Climate control activists insist these wildfires are a direct result of climate change while others blame the lack of forest maintenance. There are a lot of areas with dead trees that serve as fuel and help to quickly spread the flames.

The Mystery of the Rusty Moon

The Full Hunter's Moon Rises Behind EdgeNYC in New York City

(Photo by Gary Hershorn/Getty Images)

A lot of interest has been surrounding the moon lately. Scientists have found what appears to be rust on the moon – but why is it there? Water and Oxygen are needed to create the rust, and neither is supposed to be on the moon. Still, scientists have found what they think is hematite – a mineral formed when iron rusts.

“It’s very puzzling,” said Shuai Li, a geologist at the University of Hawaii. “The moon is a terrible environment for hematite to form in.” However, the moon still has many secrets to uncover and in 2018 water-ice was discovered on the moon’s polar regions when it was thought the planet did not have any water at all.

There are several theories for how rust ended up on the moon, but the one most believed by scientists is that the Earth has a large play in the formation. The surfaces of the moon that have the material are the ones that face our planet and scientists believe oxygen could be hitching a ride on Earth’s magnetotail to reach the moon’s surface. A magnetotail is a “particle-packed magnetic wake” that trails behind the Earth.

Meanwhile, NASA is continuing to work on making it possible for regular citizens to visit the moon. NASA has launched a new plan to collect moon dirt and pay private companies to go get it. NASA wants to collect up to 18 ounces of the material and will pay $15,000 to $25,000 for the deliveries.

639-Year Project

Sound change in Halberstadt

John Cage Organ Art Project a (Photo by Matthias Bein/picture alliance via Getty Images)

Do you like listening to music, going to concerts? How about being a part of one that lasts for 639 years? In honor of John Cage, a composer who believed there is music is silence and slowing down chords, the longest organ performance ever is happening. It’s supposed to last for 639 years. The Organ2/ASLSP (As Slow as Possible) performance happens only once every seven years. At the changing of the chords, a new sound is set on the organ to last for 2,527 days.

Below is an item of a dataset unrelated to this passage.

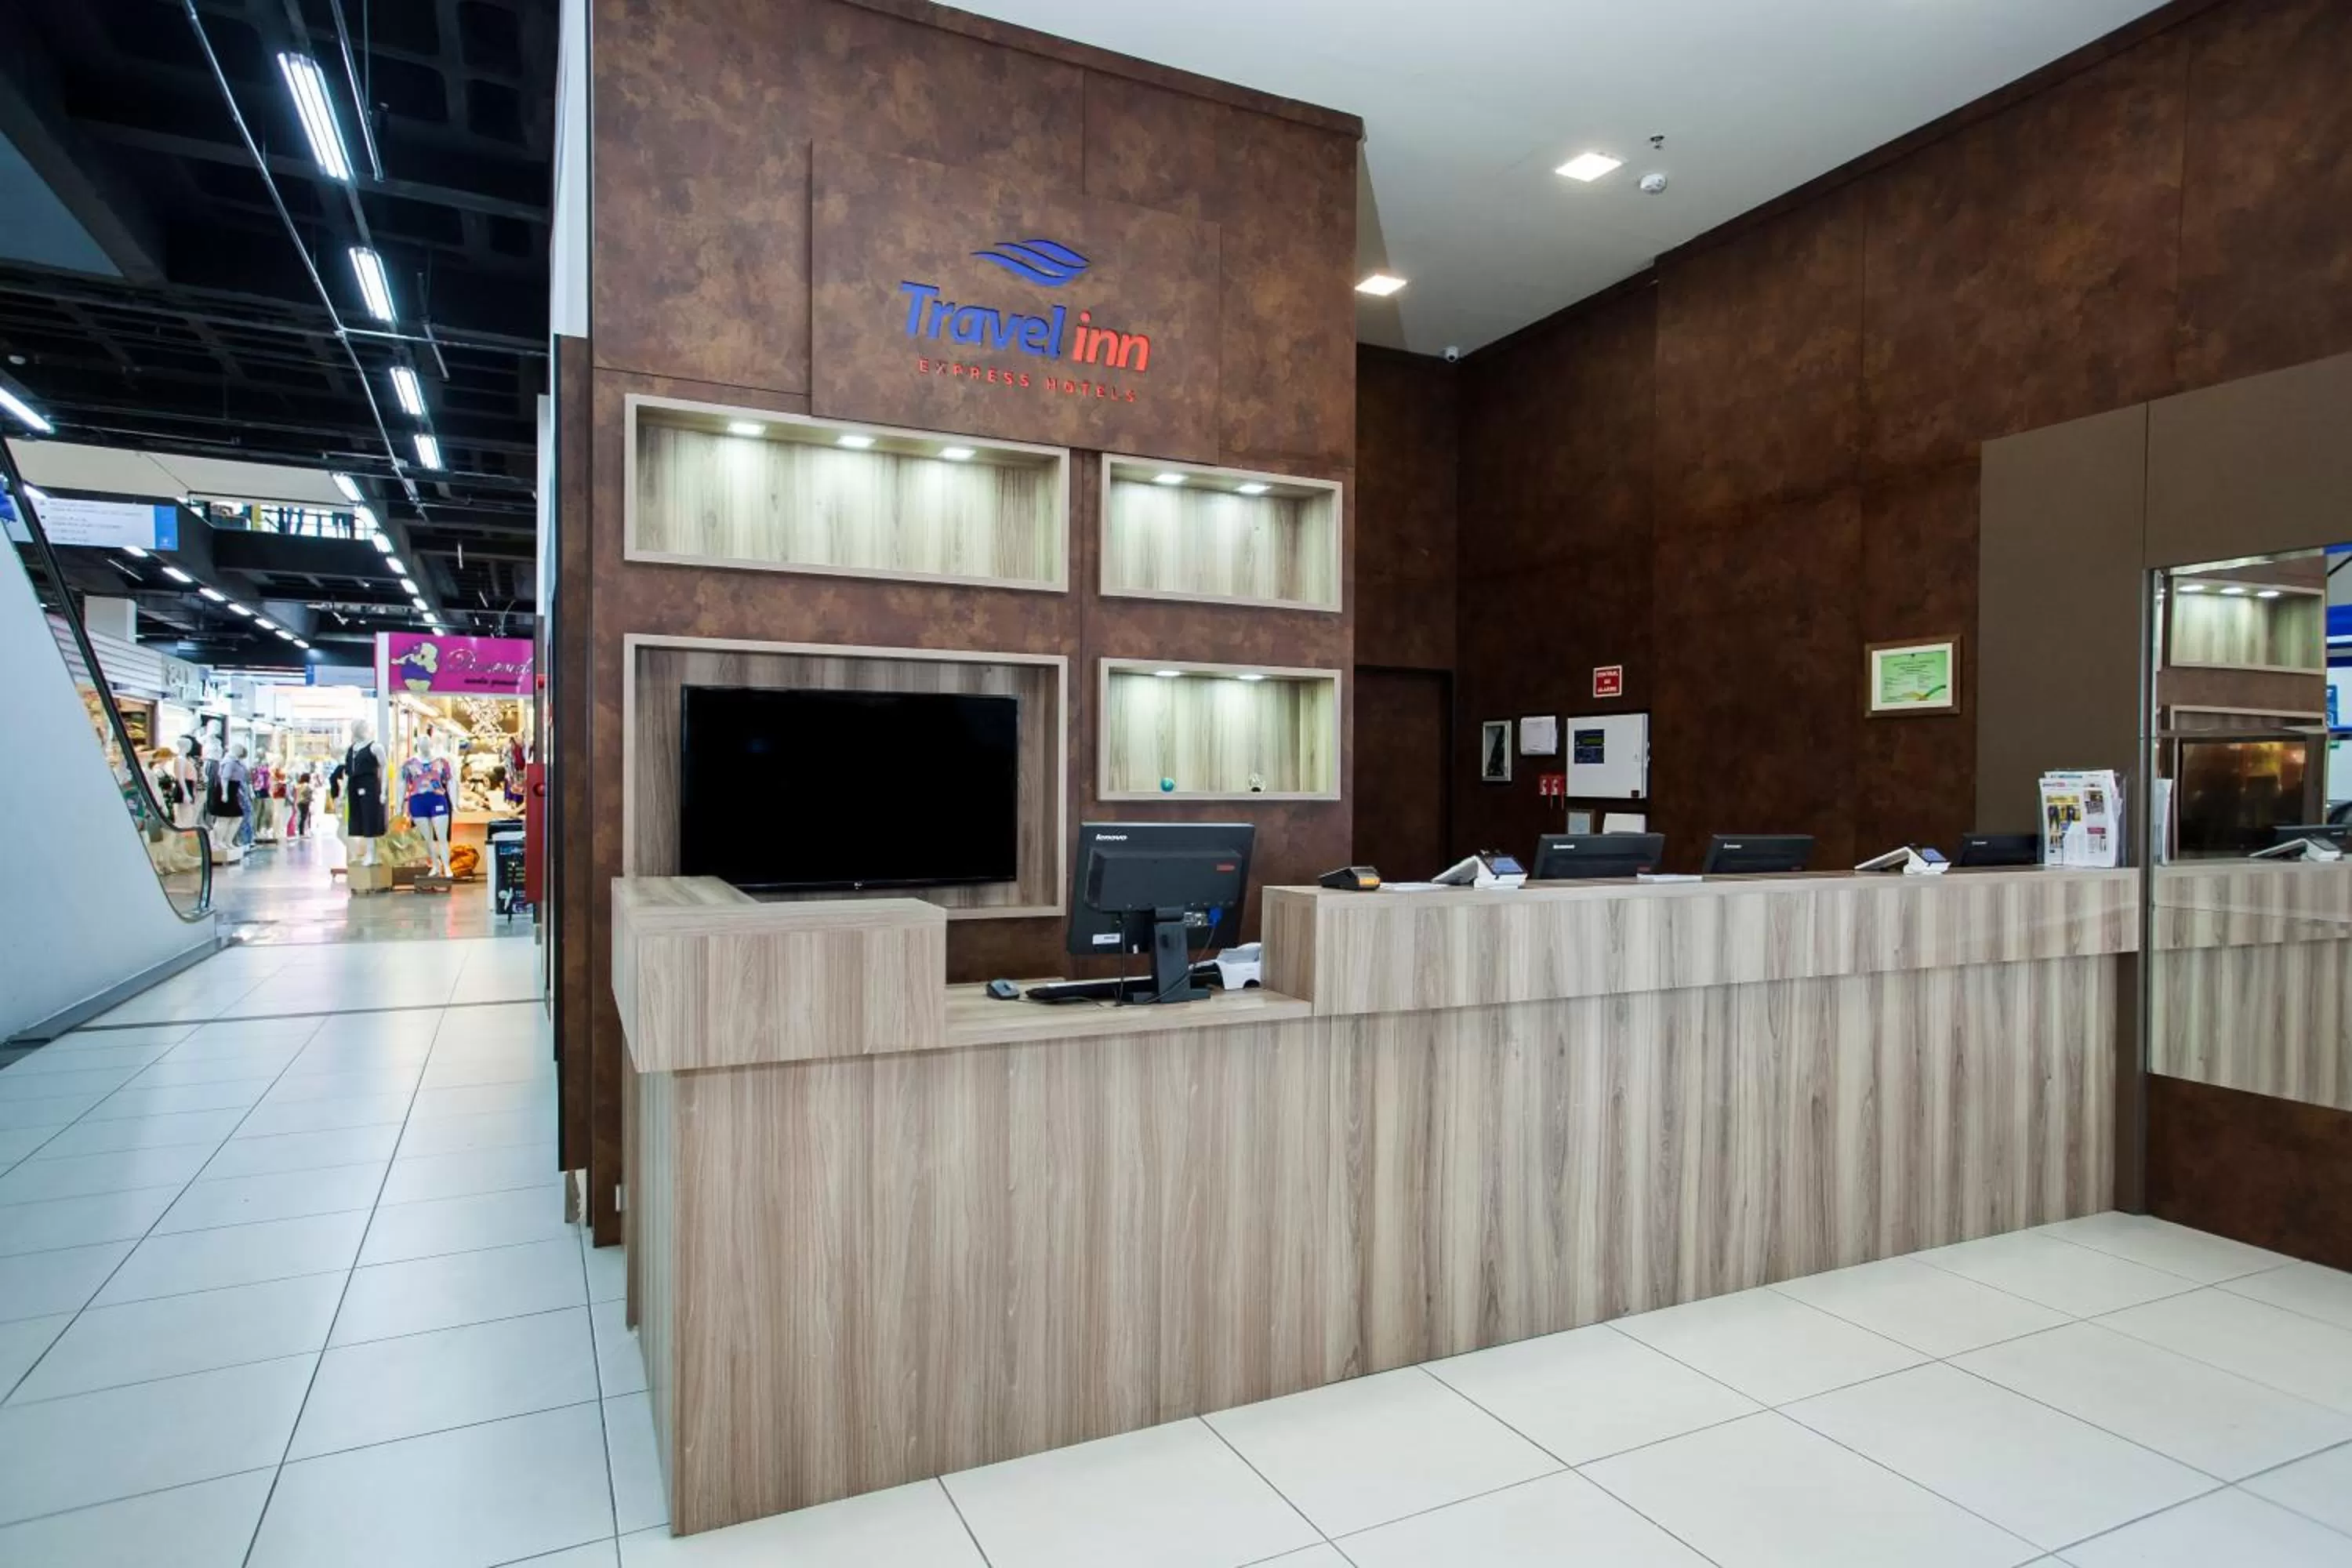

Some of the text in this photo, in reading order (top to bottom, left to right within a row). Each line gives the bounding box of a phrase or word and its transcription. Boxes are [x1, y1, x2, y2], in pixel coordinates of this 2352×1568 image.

[898, 280, 1150, 374] Travel inn
[918, 358, 1136, 402] EXPRESS HOTELS

The event draws thousands of people to the small church in Germany who want to observe the performance. Oct. 5, 2013 was the last time the notes were changed and about 1,500 people showed up. This time because of Coronavirus, the number of attendees will be limited and others can watch on video.

In 1985, Cage composed ASLSP. In 1987, he adapted the composition into an organ version. As Slow as Possible performances were meant to be played as slow as possible, and sessions lasted between 20 to 70 minutes because Cage never specified exactly how slow the piece should be played. This composition is what inspired musicians to come together and honor Cage a few years after his death with the six-century-long performance.